Many years ago I was driving down the road channel surfing on the radio when I heard a radio preacher denouncing the evils of reason. He was condemning intellectualism and rationality with a passion. However, as I listened to him I couldn’t help but notice that he had given the issue a lot of thought. He had a carefully researched and outlined sermon. From this I conclude, “We can’t even make a case against reason without using our reason. We can’t make a case against the intellect without using our intellect.” So in the Unitarian Universalist Church we honor the life of the mind and we embrace our reasoning.

We agree with the advice Thomas Jefferson gave his nephew Peter Carr when he wrote, “Fix reason firmly in her seat, and call to her tribunal every fact, every opinion. Question with boldness even the existence of a God; because, if there is one, (then that God) must more approve of the homage of reason, than that of blindfolded fear.”

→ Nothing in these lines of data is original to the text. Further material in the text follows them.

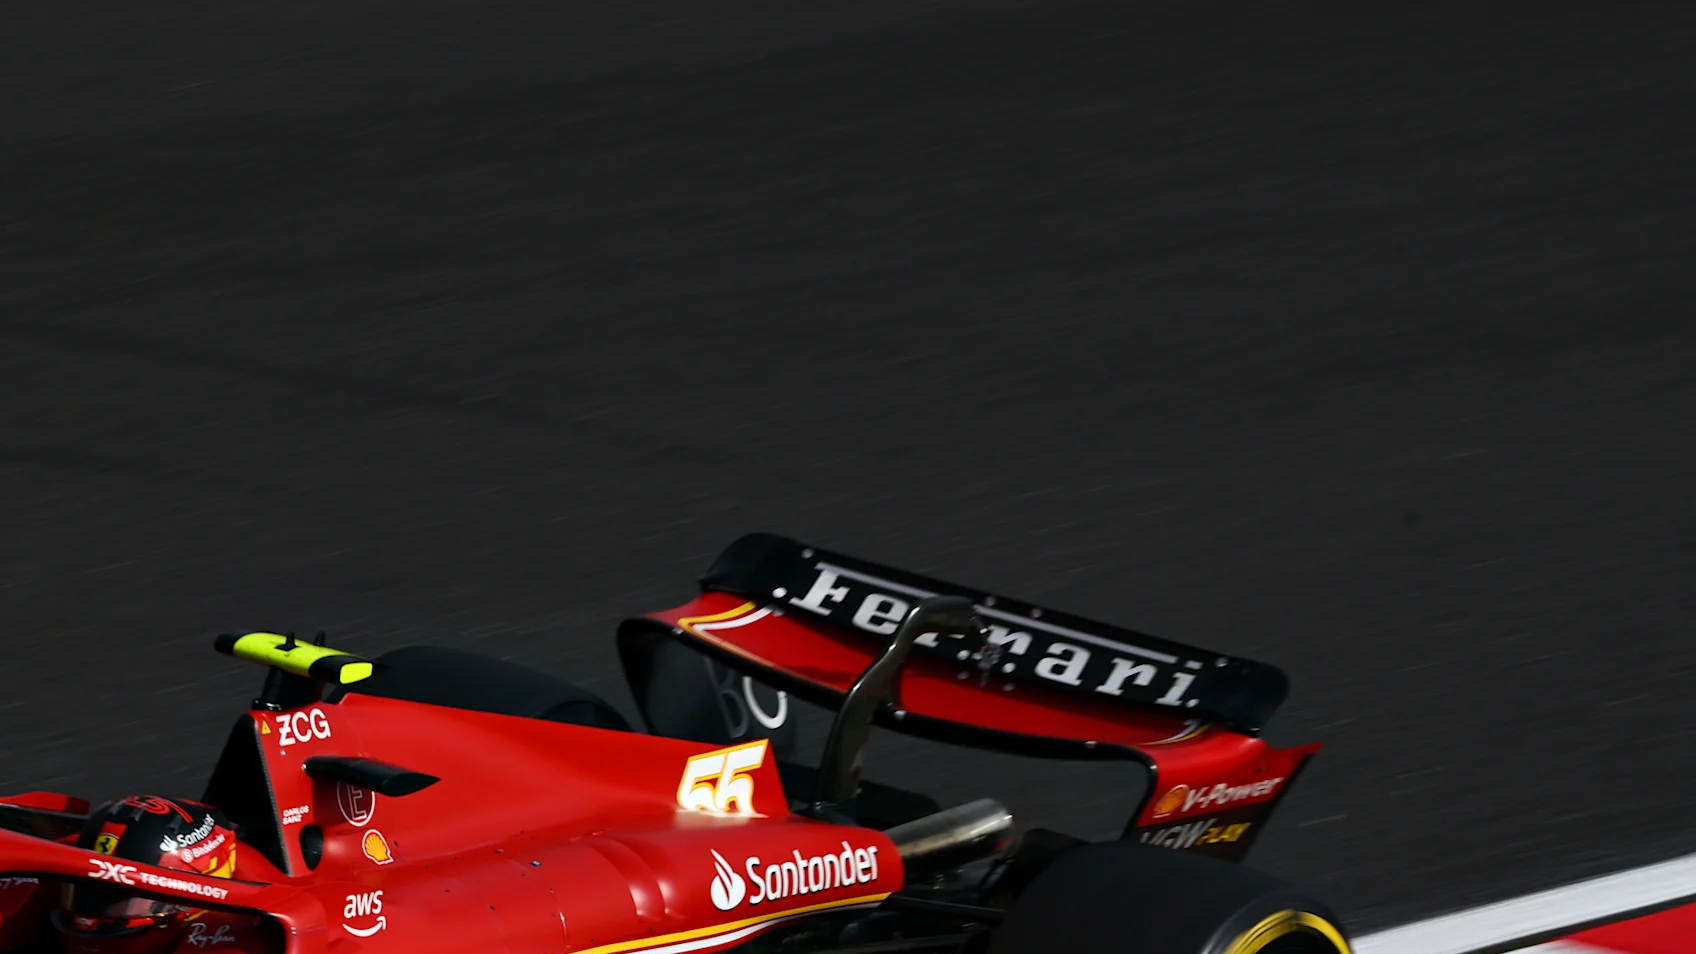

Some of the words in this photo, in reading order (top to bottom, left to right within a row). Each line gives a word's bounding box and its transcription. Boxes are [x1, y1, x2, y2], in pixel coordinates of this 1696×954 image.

[791, 563, 1203, 707] Ferari
[276, 708, 331, 746] ZCG
[677, 738, 770, 816] 55
[282, 814, 302, 825] SAINZ
[283, 805, 310, 817] CARLOS
[87, 858, 138, 885] DXC
[139, 872, 229, 900] TECHNOLOGY
[745, 841, 878, 905] Santander
[343, 890, 384, 918] aws

So in our tradition where it is acceptable to question the existence of God, I must grudgingly admit that it is must also be permissible to question the existence of the tooth fairy, but nevertheless, I will make my case for her existence and leave the verdict to the jury. If you have any questions, or you just want to get uppity, we can talk about it during the coffee hour.

Of course, before I make my case for the tooth fairy I must anticipate some of your criticisms; for there are other rational people who have made the case for fairies only to have their arguments debunked. Sir Arthur Conan Doyle, creator of the world’s most famous detective, Sherlock Holmes, wrote pamphlets and books in favor of the existence of fairies. Photographs of young girls, the Fox sisters of Yorkshire, posing with fairies, convinced him. He even wrote an article in defense of the girls for the Christmas edition of the Strand magazine. He was widely ridiculed for this.

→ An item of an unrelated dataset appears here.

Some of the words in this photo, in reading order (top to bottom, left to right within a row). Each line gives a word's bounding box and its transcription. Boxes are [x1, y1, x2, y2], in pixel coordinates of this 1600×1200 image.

Many people have wondered how the creator of Sherlock Holmes, the ultimate rationalist, could have fallen for those pictures, which to modern eyes clearly look faked, and all evidence suggests that the fairies were nothing but cardboard cutouts, one dimensional figures. Nevertheless he did believe. He thought the photographs were scientific proof.

However, today, in our age of Photoshop we tend to be even more skeptical of photos. So this morning I want to make my case using a different approach altogether. I want to build my case on a firmer foundation than photography.

As Sherlock Holmes used to say, “Once you eliminate the impossible, whatever remains, no matter how improbable, must be the truth.” So in so much as I am able I am going to try base my case for the tooth fairy on improbabilities rather than impossibilities, improbabilities of the imagination, rather than impossibilities easily disproven by rational analysis.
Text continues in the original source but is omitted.